A nice example is given when car manufacturers state the fuel consumption of a car under optimal conditions, which are never the same as in a real-world situation. Which makes the catalogued rate of fuel-consumptions meaningless.

The most common solution for reducing uncertainty is repetition. I doubt that THIS is why kids love repetition, but I do know that science lives by the grace of repetition. However, repetition is not sexy, not in science at least. Nobody wants to do a PhD by replicating another PhD despite its importance — if only to get an idea of the influence of invisible processes and the recognition of their existence.

In the beginning I talked about the p-value and statistical significance. The latter is a binary truncation of a continuous value (the p-value) and both try to ascertain whether an observation is due to a ‘real effect’ or a product of ‘probability’ (to be a product of probability is complete non-sense, but we will venture there another day). Entire books have been devoted to the word ‘probability’, as well as to the words ‘p-value’ and ‘statistical significance’. The latter belong to the Frequentist method of statistics and this is the method that everyone is given. In the Netherlands via Mathematics A. That is why it is often called ‘classical statistics’. The name is not only unfortunate, but also misleading because the method I am going to talk about now unites statistics with the way science is done, or at least should be. The childish method. Bayes’ theorem.

Before I delve deeper into Bayes’ theorem, I want to talk about Bayes’ paradigm. After all, as the word paradigm already betrays, it is a way of looking at opportunities, the burden of proof and uncertainty. Uncertainty in particular plays a key role in Bayesian doctrine. In contrast to the Frequentist method, the Bayesian method does not give a ‘yes’ or ‘no’ as an answer, but a whole series of answers. That sequence reflects uncertainty. The answer to the question whether an intervention has an effect is therefore not ‘yes’ or ‘no’ in Bayes' paradigm, but ‘depends’. For most policymakers, this answer automatically creates an uneasy feeling.

The aim of science and experimentation is to obtain a result that confirms (or disproves, but we prefer not to see) the hypothesis. I have just stated that this answer cannot be binary, nor is it conclusive. For example, there are simply too many unknown invisible factors to confirm a hypothesis in a single study. Randomization alone cannot solve this. Repetition is required and it is therefore better to think in terms of probability. Which is probably determined based on the knowledge you already had (which prompted you to do the experiment) and the knowledge gained through the experiment itself.
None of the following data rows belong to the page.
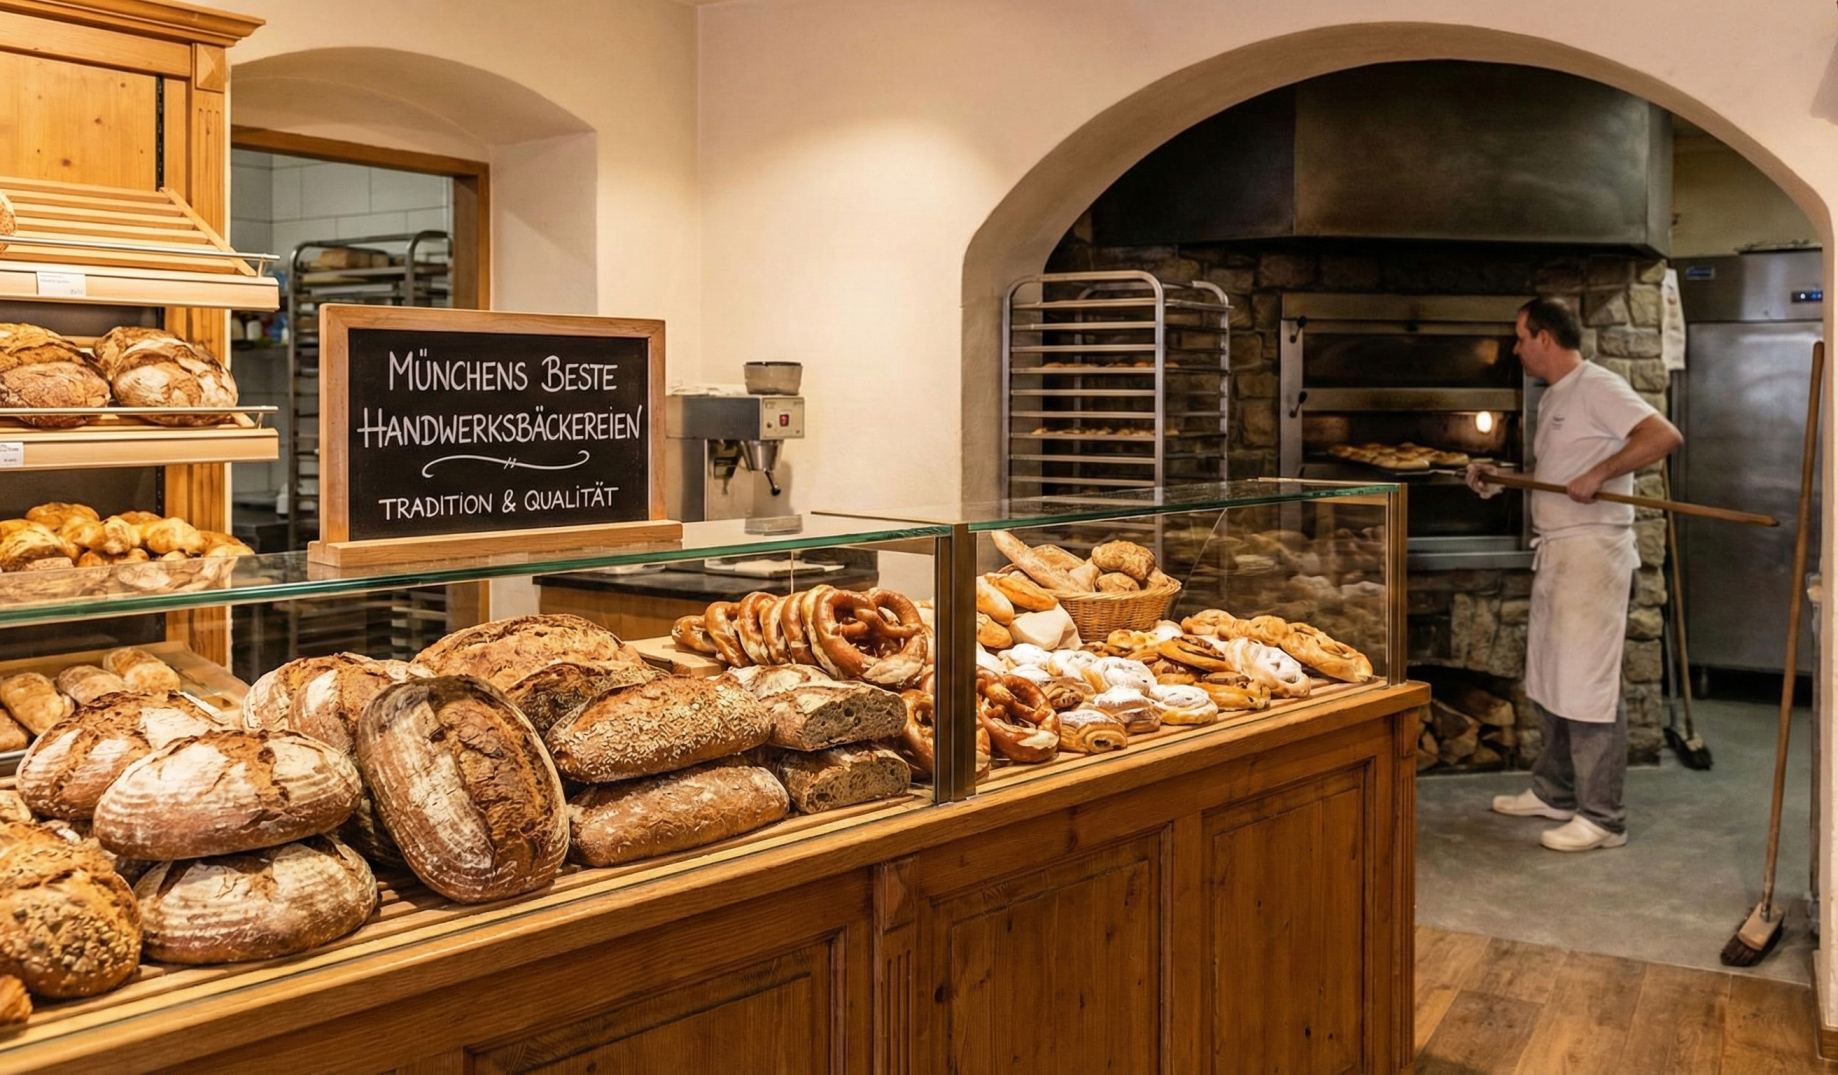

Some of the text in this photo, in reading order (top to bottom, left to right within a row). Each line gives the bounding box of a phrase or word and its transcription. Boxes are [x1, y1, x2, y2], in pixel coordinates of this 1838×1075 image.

[541, 355, 618, 393] BESTE
[378, 491, 493, 521] TRADITION
[501, 489, 517, 514] &
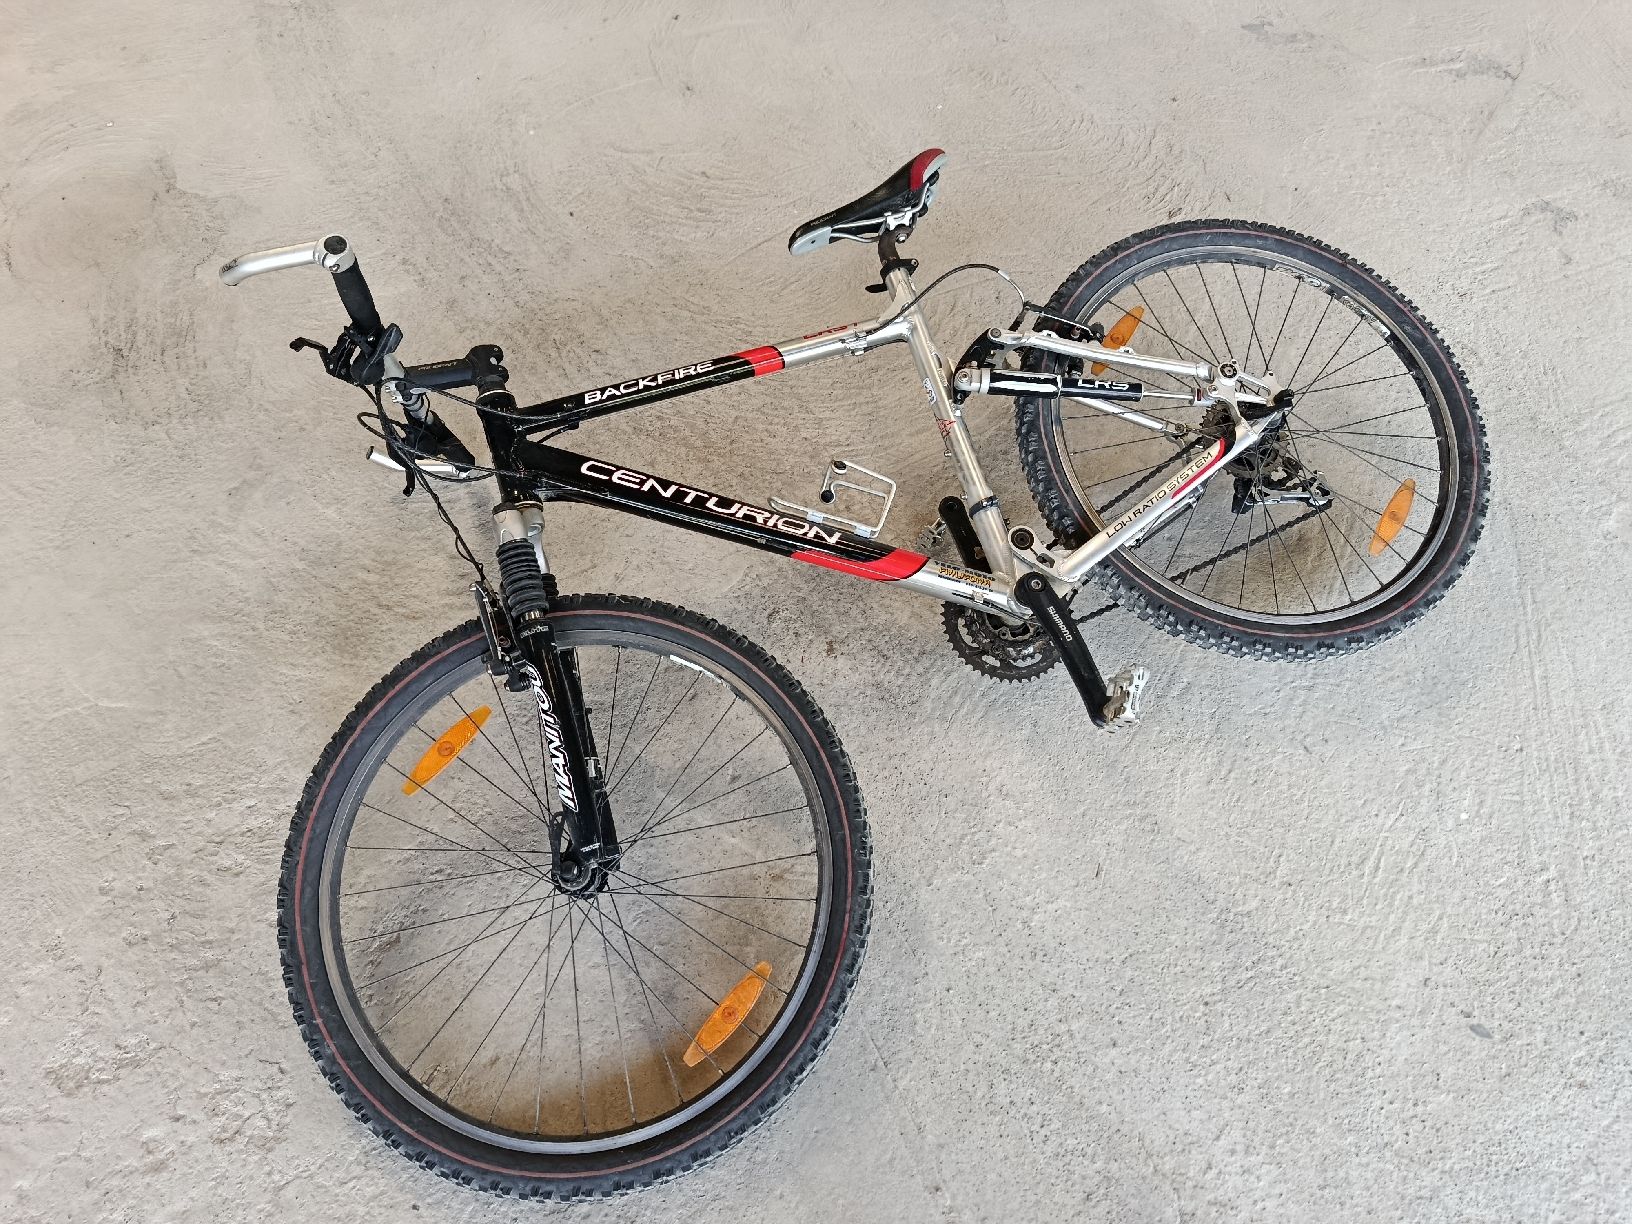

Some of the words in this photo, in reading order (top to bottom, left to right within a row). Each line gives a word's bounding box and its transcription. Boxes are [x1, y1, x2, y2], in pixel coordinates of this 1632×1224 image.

[584, 360, 715, 405] BACKFIRE
[1077, 379, 1130, 391] LRS
[580, 460, 841, 545] CENTURION
[1106, 516, 1133, 539] LOW
[1132, 489, 1167, 518] RATIO
[1166, 451, 1213, 492] SYSTEM
[1047, 605, 1073, 642] SHIMANO
[523, 660, 579, 813] MANITOU
So with your own experiment you add a bit of knowledge by removing a bit of uncertainty.

Now that I’ve explained what the Bayesian paradigm looks like, let’s delve into Bayes’ theorem. The theorem shows the relationship between two dependent probability distributions that hang on either side of the same coin. The statement comes from Reverend Thomas Bayes. Bayes’ theorem gives the probability of A after B has been observed. That probability is calculated by looking at the probability of A, the probability of B, and the probability B given A.
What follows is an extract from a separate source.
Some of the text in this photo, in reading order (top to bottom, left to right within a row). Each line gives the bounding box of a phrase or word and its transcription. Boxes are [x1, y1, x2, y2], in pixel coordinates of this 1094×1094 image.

In formula form, Bayes’ theorem looks like this:

P(A | B) is the dependent probability: the probability of A if B is true. This is also known as the posterior probability.
P(B | A) is also a dependent probability: the probability of B if A is true. This is also called the likelihood of A given a fixed B because P(B | A) = L(A | B)
P(A) and P(B) are the probabilities of A and B, respectively. These are marginal probabilities which means that the probability is not dependent. This is called the prior probability.
P(B) is the normalizing probability. To make sure the posterior makes sense.

Visually it will look like this.

Let’s take an example. Suppose we want to calculate the distribution of water/land and let’s assume that we can find that distribution by throwing up a globe that is small enough to throw. Every time it falls on water we write a W and every time it falls on land we write a L. This example comes from the book “Statistical Rethinking” and is a nice deviation of the worn-out heads/tails example. We assume that all this happens in a vacuum. Let’s calculate the example using the statistical program R.
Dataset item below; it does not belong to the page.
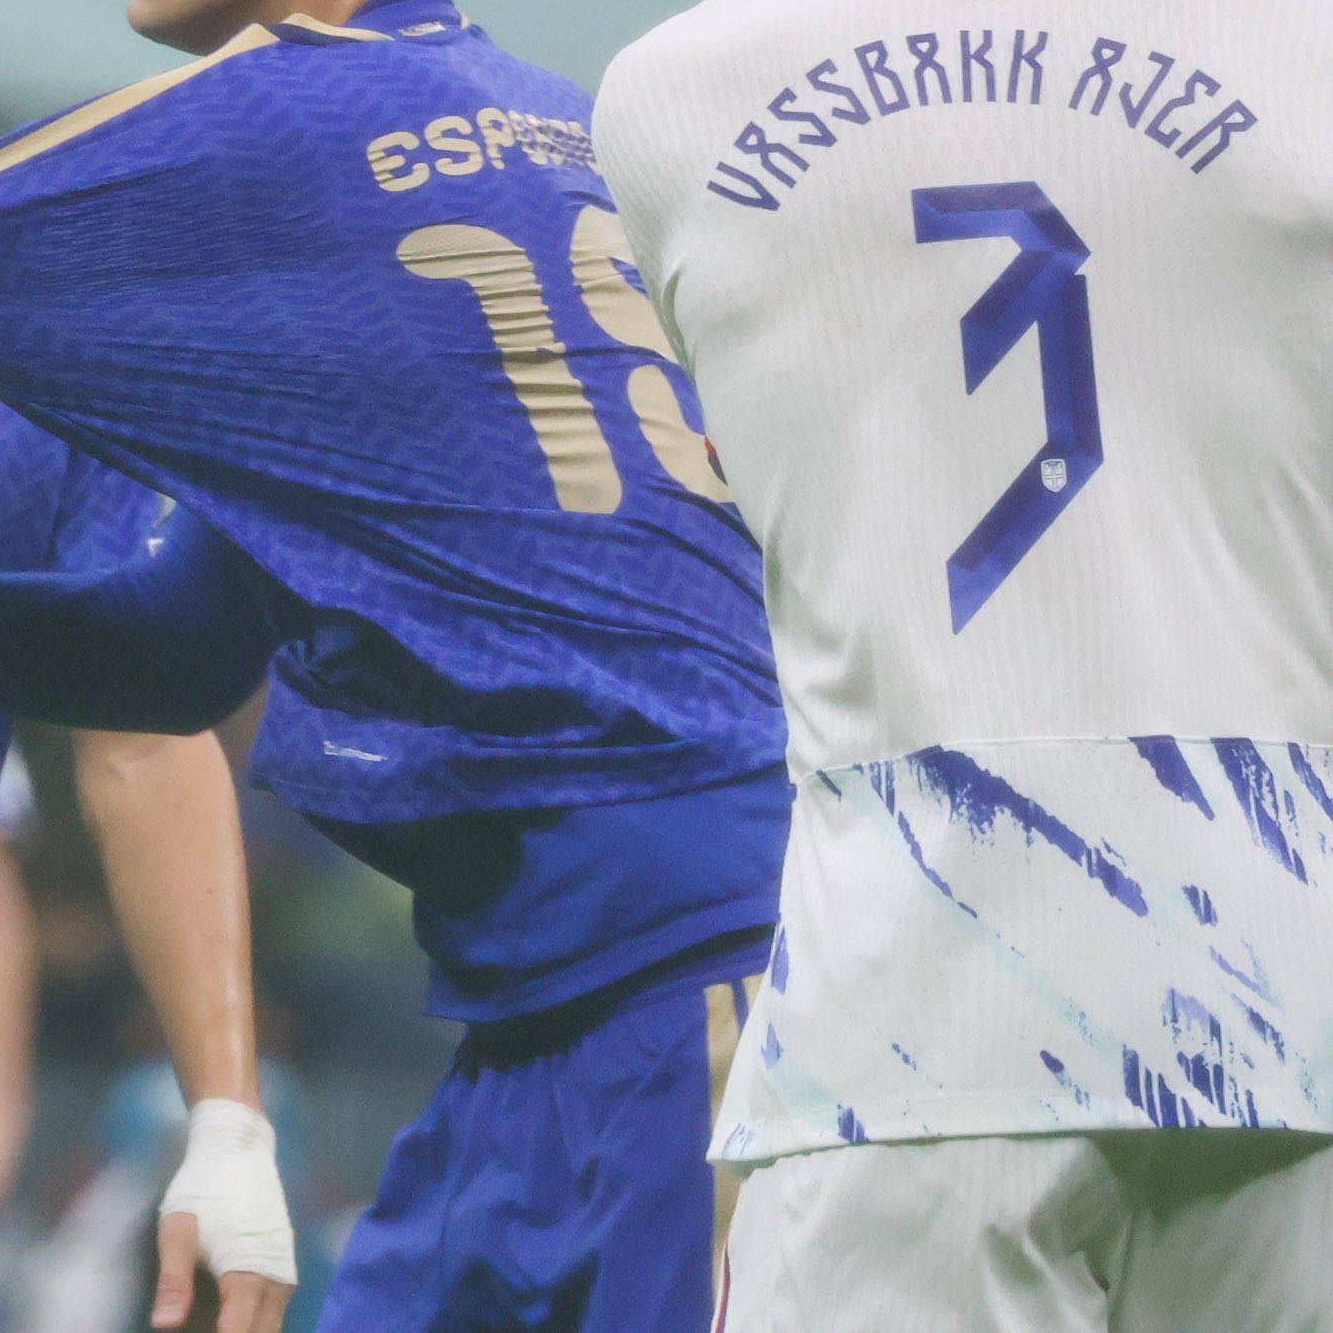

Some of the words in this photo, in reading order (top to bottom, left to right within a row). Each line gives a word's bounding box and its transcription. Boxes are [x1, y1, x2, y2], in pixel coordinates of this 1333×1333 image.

p_grid                   <- seq(from=0 , to=1   , length.out=20
prior                    <- dbinom(2, size=9 , prob=p_grid)
likelihood               <- dbinom(6, size=9 , prob=p_grid)
unstd.posterior          <- likelihood * prior
posterior                <- unstd.posterior / sum(unstd.posterior)plot(prior, ylim=c(0,0.5), main="Probability of water given Prior and Likelihood", ylab="Posterior Probability", xlab="Probability of Water")
lines(prior, col="black")
points(likelihood, col="blue")
lines(likelihood, col="blue")
points(unstd.posterior, col="darkgreen")
lines(unstd.posterior, col="darkgreen")
points(posterior, col="red")
lines(posterior, col="red")
text(locator(), labels = c("prior", "likelihood", 
                           "unstandardized posterior", "posterior")))

What I did above is the following: I throw the globe of the earth nine times. I’m assuming the probability W/L equals 2/9. This is my prior probability. When I observe the data I see that the proportion of W/L from my experiment is 6/9. These are my experimental observations. I then calculate what the conditional probability is — given my conviction and the data I have observed. The visual outcome is then, this time, as follows

bayesdata <- as.data.frame(cbind(p_grid, 
                                 prior, 
                                 likelihood, 
                                 unstd.posterior, 
                                 posterior)
                                  
ggplot(bayesdata, aes(x=p_grid))+
geom_area(aes(y=prior),fill="black",alpha=0.5)+
geom_area(aes(y=likelihood),fill="blue",alpha=0.5)+                                geom_area(aes(y=unstd.posterior),fill="darkgreen",alpha=0.5)+                                geom_area(aes(y=posterior),fill="red",alpha=0.5)+
ggtitle("Probability of water given Prior and Likelihood")+
xlab("Probability of Water") + 
ylab("Posterior Probability")+ theme_bw()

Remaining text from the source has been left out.